In this project, there are four tools and techniques were used for feature selection:
-
SelectKBest: This is a statistical method that selects the K best features based on a given score function. In this project, chi-squared test was used as the score function to select the best features.
-
RandomizedSearchCV: This is a technique used for hyperparameter tuning. It randomly selects combinations of hyperparameters and evaluates their performance using cross-validation.
-
StratifiedShuffleSplit: This is a method for splitting a dataset into training and test sets while preserving the class distribution.
-
Pipeline: This is a method for chaining multiple steps in a machine learning workflow, such as data preprocessing, feature selection, and model training.

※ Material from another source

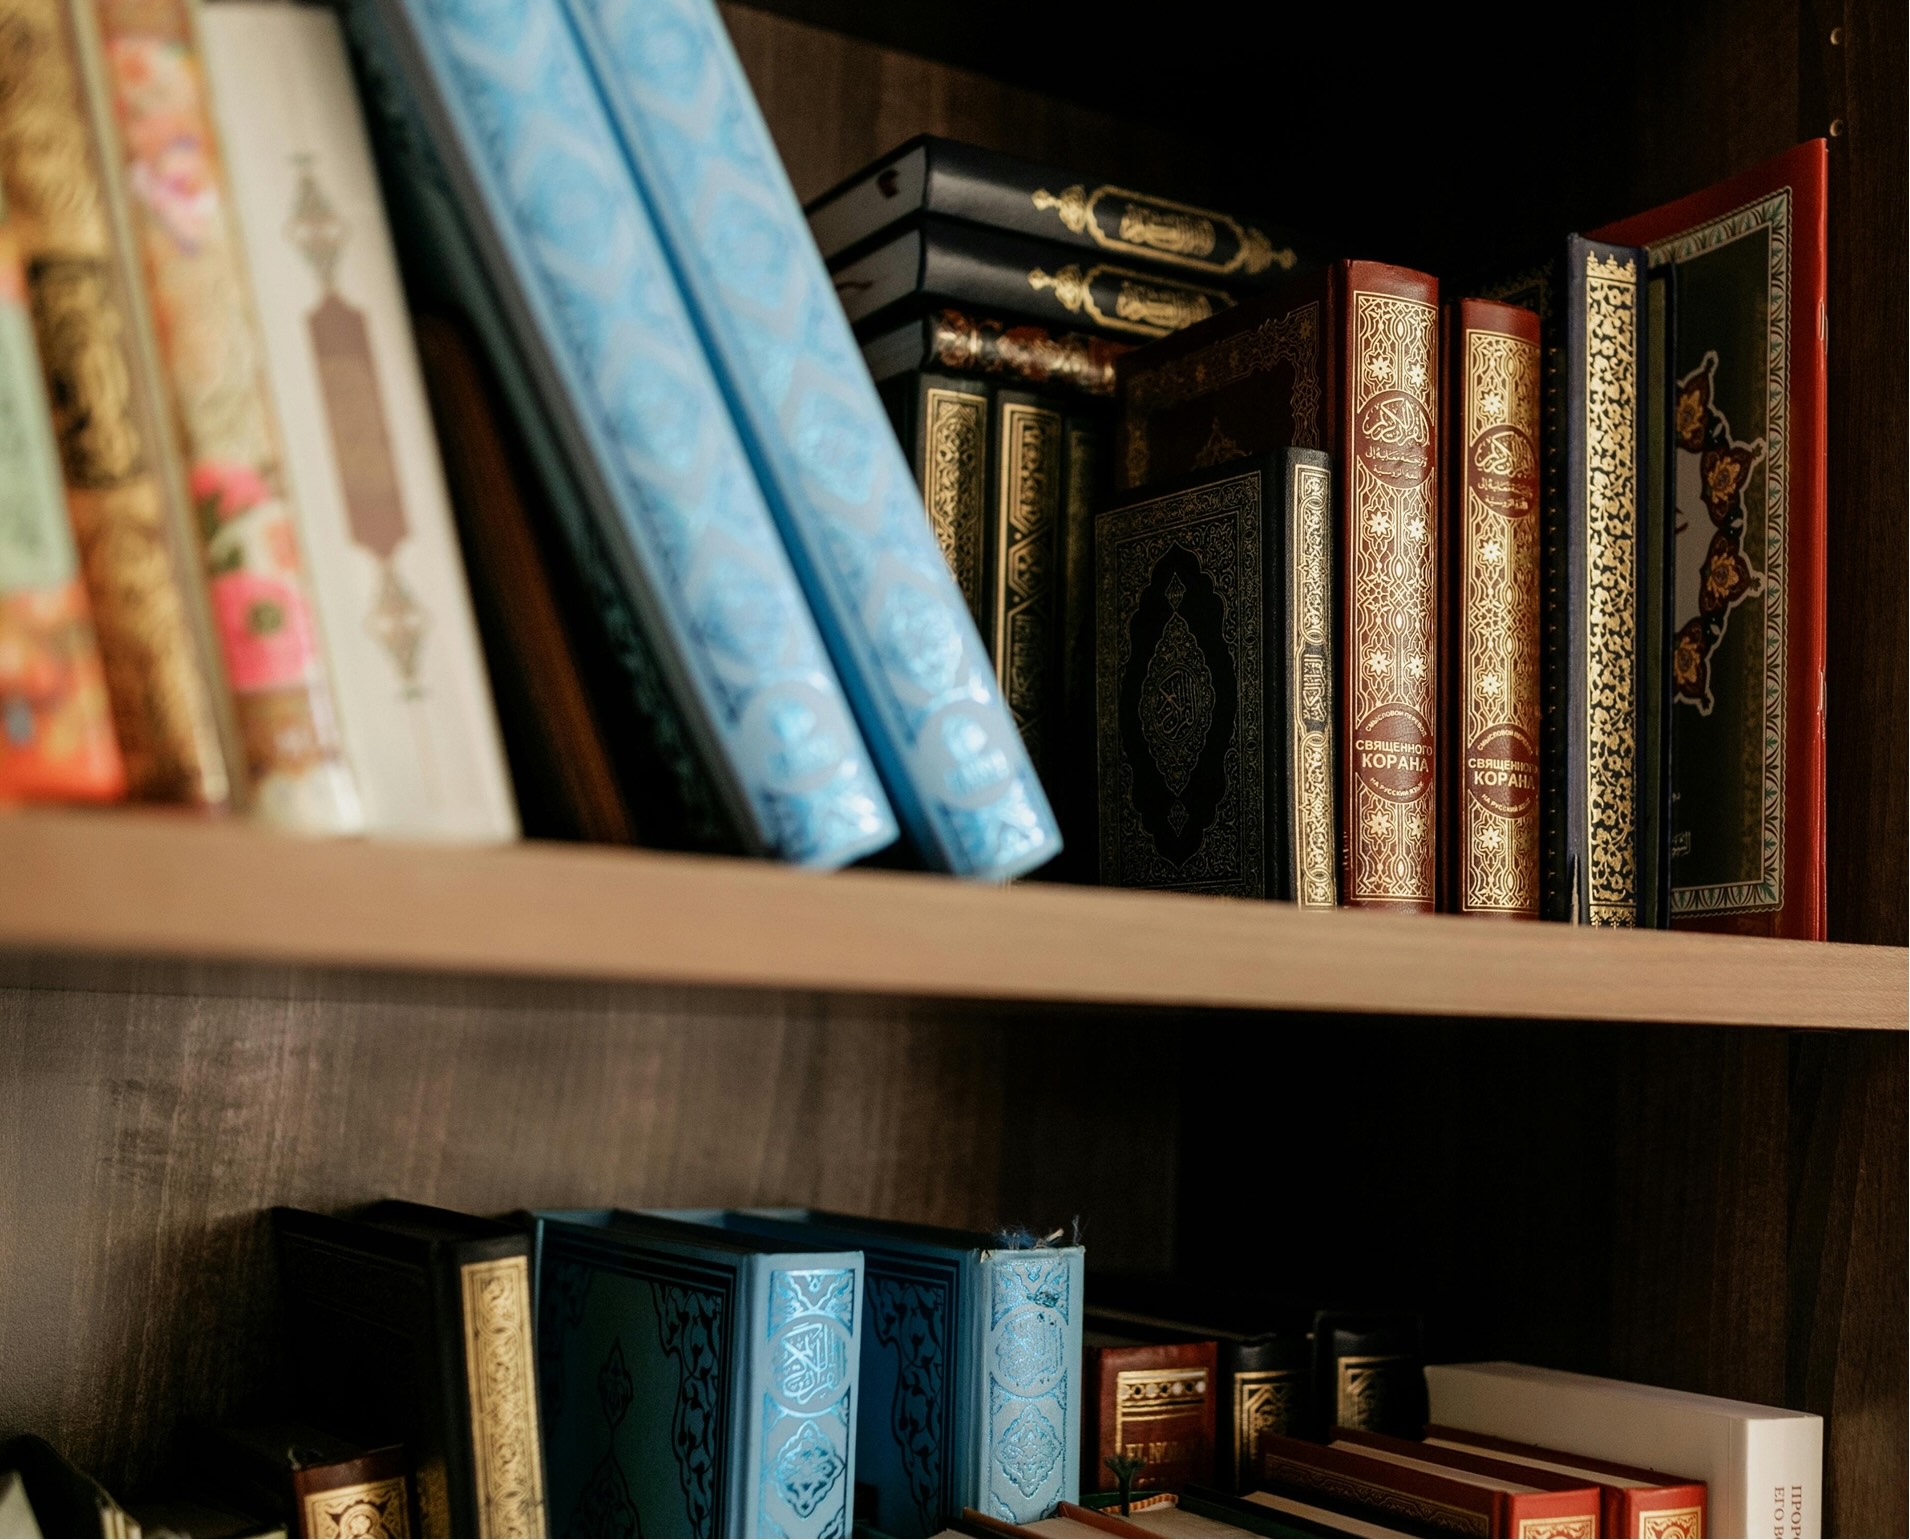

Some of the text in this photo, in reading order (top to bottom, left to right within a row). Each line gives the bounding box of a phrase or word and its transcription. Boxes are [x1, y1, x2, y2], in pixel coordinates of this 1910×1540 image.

The first model (Logistic Regression) with solver 'saga', penalty '11', and C=10 achieved an accuracy of 0.7568, precision of 0.7631, recall of 0.9774, and F1-score of 0.8571. The confusion matrix shows that 95 instances were correctly classified as negative, and 2504 instances were correctly classified as positive.
The second model (The Decision Tree Classifier) with min_samples_split=10, min_samples_leaf=1, max_depth=28, and criterion='gini' achieved an accuracy of 0.7702, precision of 0.7822, recall of 0.9590, and F1-score of 0.8617. The confusion matrix shows that 188 instances were correctly classified as negative, and 2457 instances were correctly classified as positive.
The third model (Random Forest Classifier) with n_estimators=300, min_samples_split=2, min_samples_leaf=2, max_depth=None, and criterion='gini' achieved an accuracy of 0.7708, precision of 0.7815, recall of 0.9617, and F1-score of 0.8623. The confusion matrix shows that 183 instances were correctly classified as negative, and 2464 instances were correctly classified as positive.
The fourth model (MLP Classifier) with solver 'lbfgs', learning_rate='constant', hidden_layer_sizes=(20, 10), alpha=0.01, and activation='tanh' achieved an accuracy of 0.7723, precision of 0.7827, recall of 0.9617, and F1-score of 0.8630. The confusion matrix shows that 188 instances were correctly classified as negative, and 2464 instances were correctly classified as positive.